Introduction Previous studies in developed countries have documented associations between air pollution and risk of some neoplasms. We explored the association of traffic-related air pollution with hospitalisations for cancer groups.
Methods Our analysis included all individuals admitted to public or private hospitals in São Paulo from 2004 to 2006 with a main diagnosis of primary invasive cancer.

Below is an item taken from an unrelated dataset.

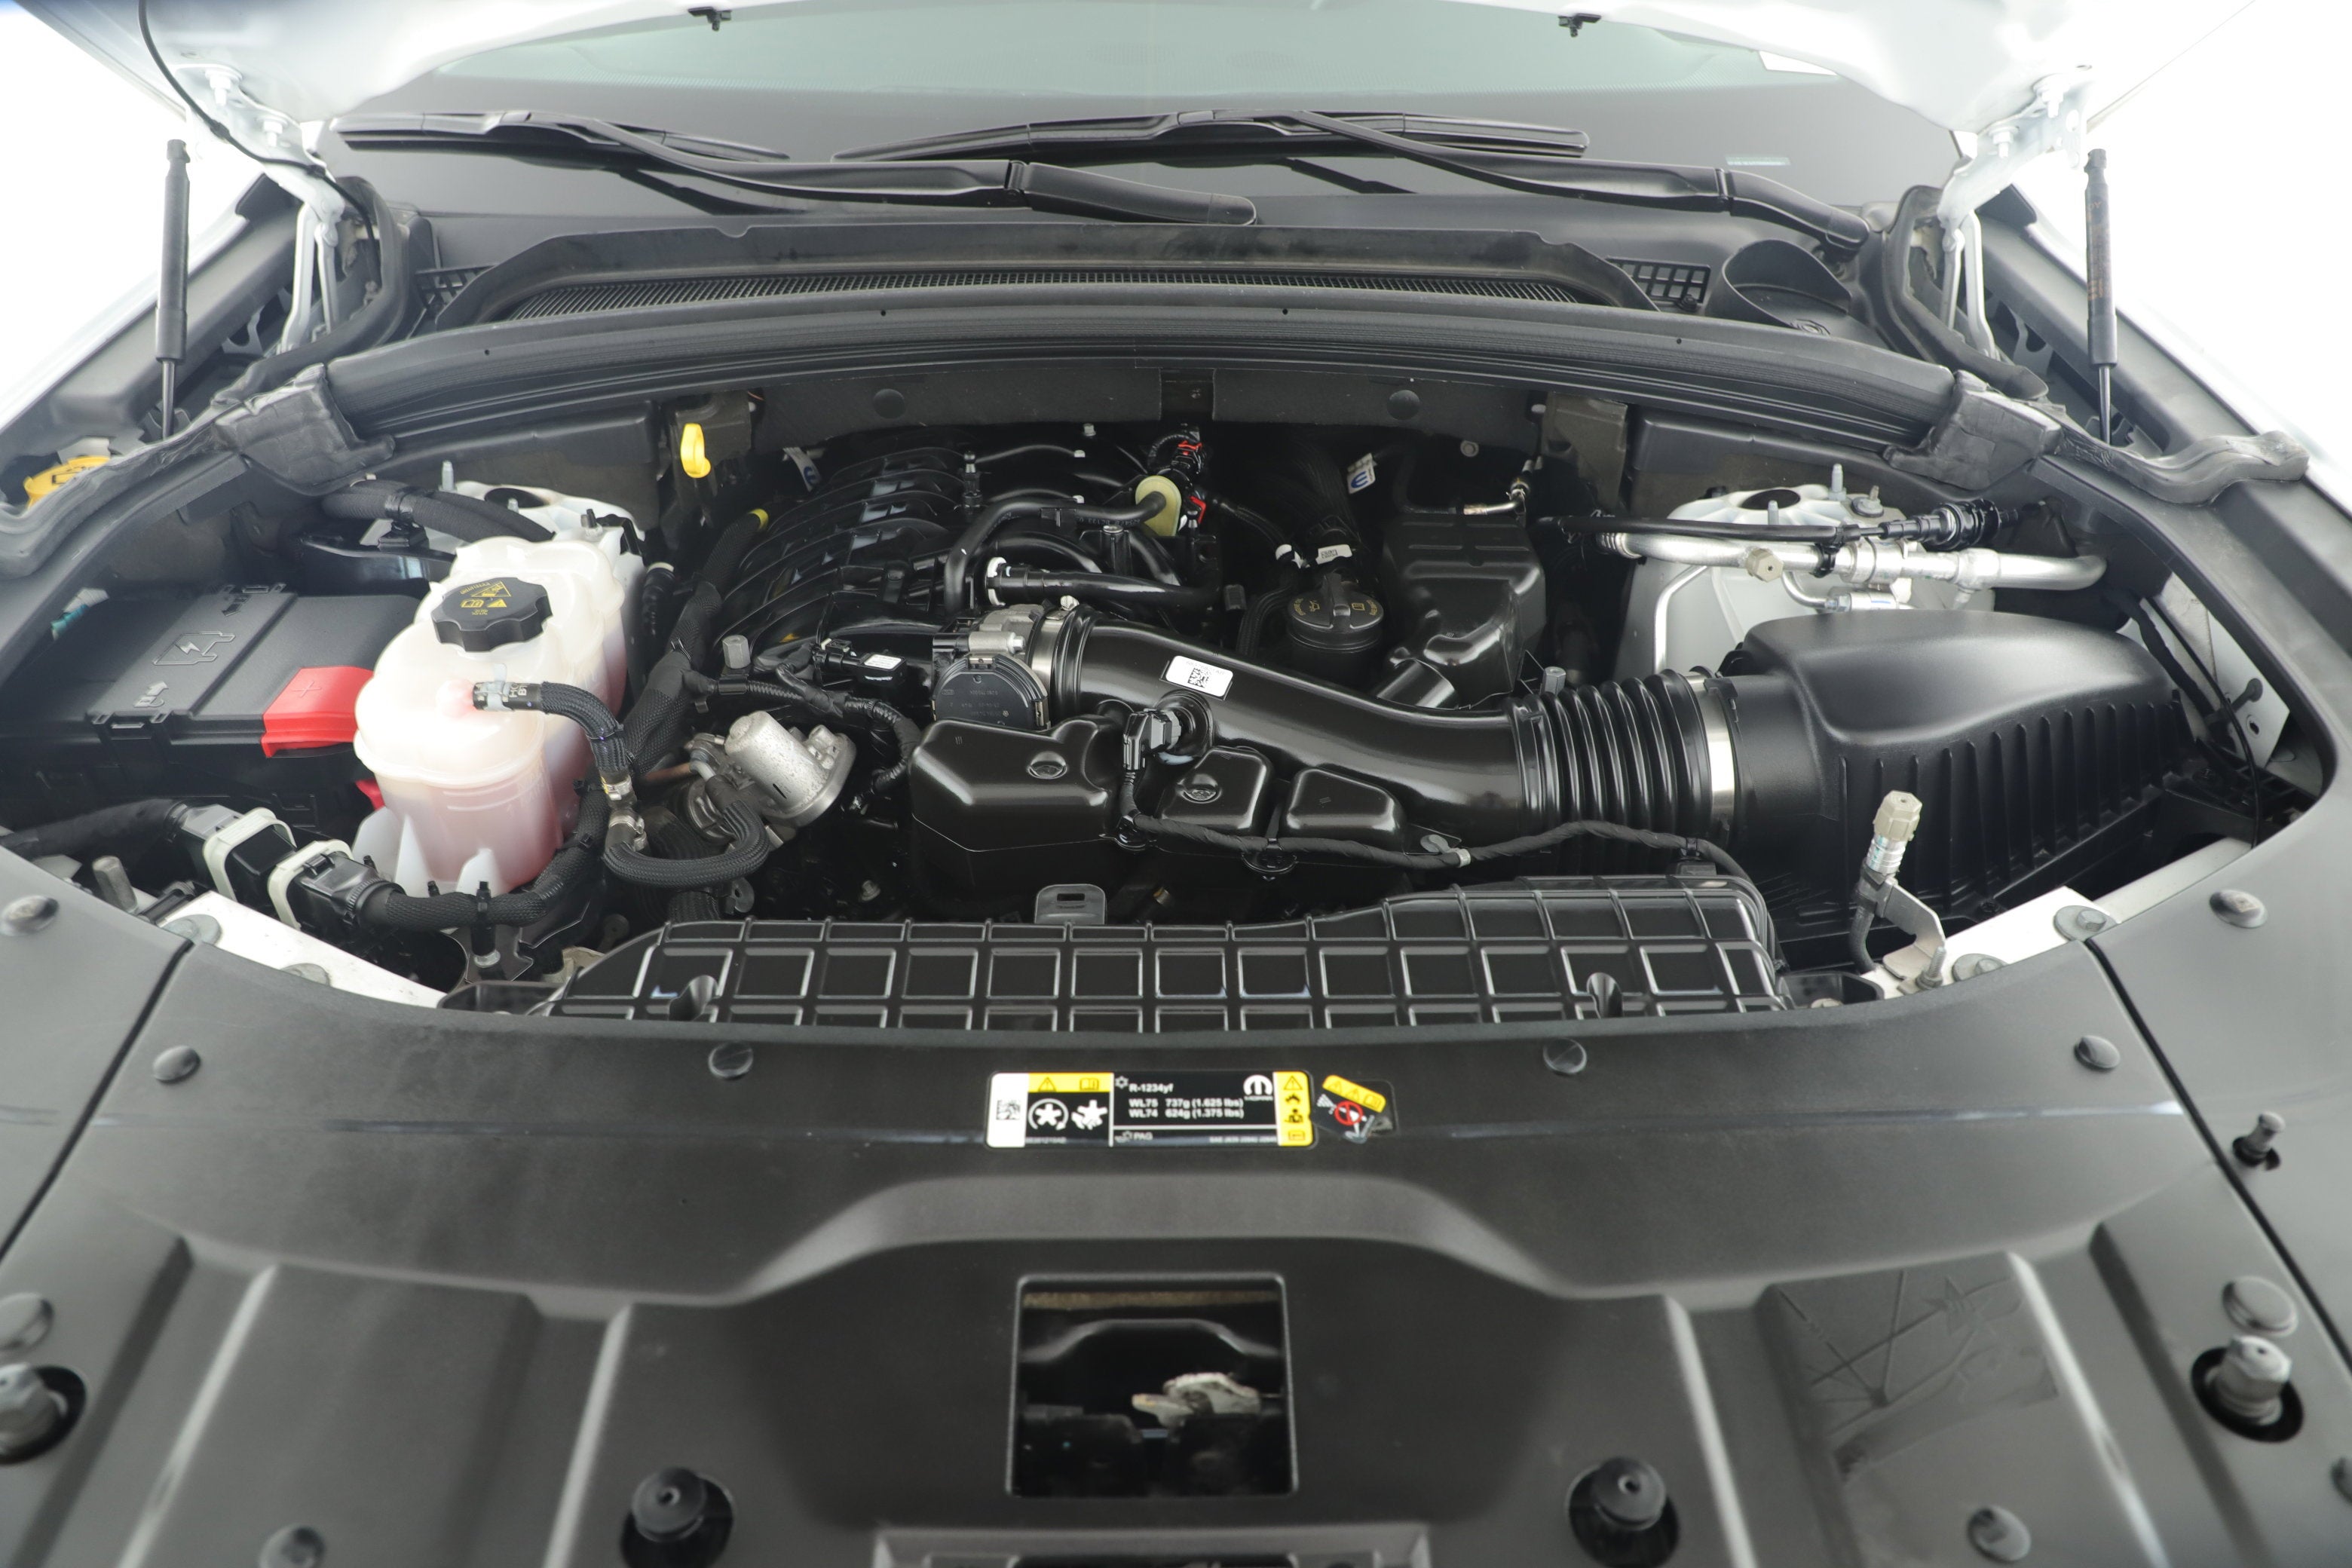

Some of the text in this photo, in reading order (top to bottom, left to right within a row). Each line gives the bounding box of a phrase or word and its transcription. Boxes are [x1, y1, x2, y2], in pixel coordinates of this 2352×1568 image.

Only the first individual admission was considered, from which age, sex, diagnosis and home address were extracted. We calculated total, gasoline and diesel vehicles traffic density, from traffic counts data, for 4964 geographical units with a population of 20 or more inhabitants, formed by a grid of 500 by 500 m. We used logistic regression models adjusted by the Human Development Index of the area for groups of cancer.
Results There was an increased risk of hospitalisation for respiratory neoplasms in adults and for haematologic neoplasms in children and adolescents associated with living in areas with higher total traffic density and traffic density for vehicles powered by gasoline and diesel, with a clear dose-response gradient. The Rate ratios of these neoplasms for the highest category of exposure to total density traffic were, respectively, 3.31 (95% CI 2.26 to 4.87) and 2.35 (95% CI 1.59 to 3.49).
Conclusion Our study suggests an association between traffic air pollution and hospital admissions for respiratory and haematologic cancers. The adjustment for potential confounding variables, the use of more sophisticated exposure assessment models and of incidence data are needed to more directly investigate the cause and effect relationship.